(SUPPLIED MATERIAL)

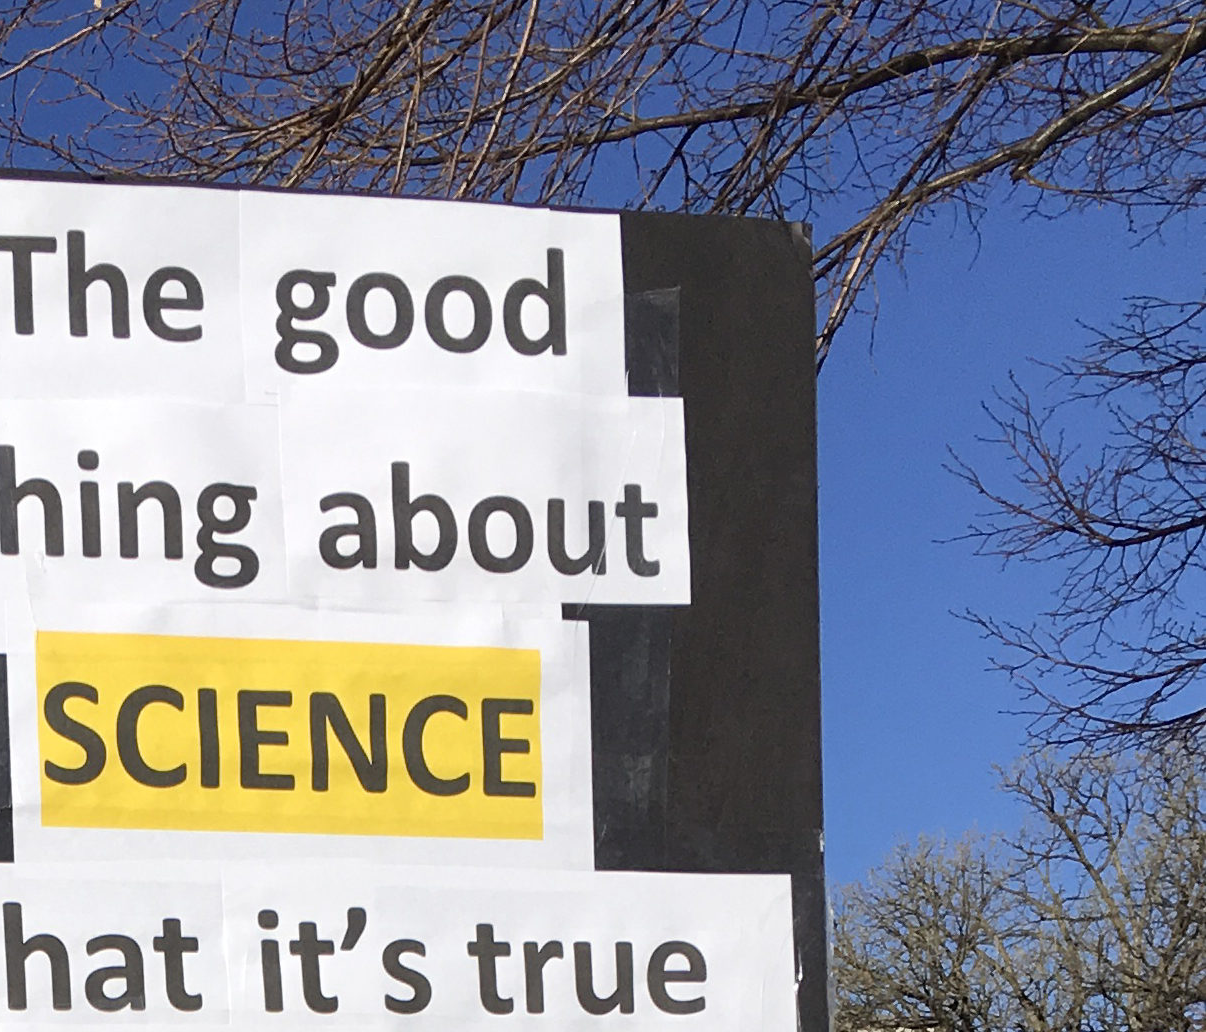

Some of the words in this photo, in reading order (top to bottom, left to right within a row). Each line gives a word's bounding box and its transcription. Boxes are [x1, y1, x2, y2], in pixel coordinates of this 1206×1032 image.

[274, 247, 568, 375] good
[318, 461, 661, 578] about
[43, 681, 538, 799] SCIENCE
[257, 907, 432, 1015] it’s
[467, 923, 708, 1016] true

(End SUPPLIED MATERIAL)

(TASK TO CARRY OUT):
Output the listing above exactly as it stands; no picture should appear.

(WRITTEN ANSWER):
Some of the words in this photo, in reading order (top to bottom, left to right within a row). Each line gives a word's bounding box and its transcription. Boxes are [x1, y1, x2, y2], in pixel coordinates of this 1206×1032 image.

[274, 247, 568, 375] good
[318, 461, 661, 578] about
[43, 681, 538, 799] SCIENCE
[257, 907, 432, 1015] it’s
[467, 923, 708, 1016] true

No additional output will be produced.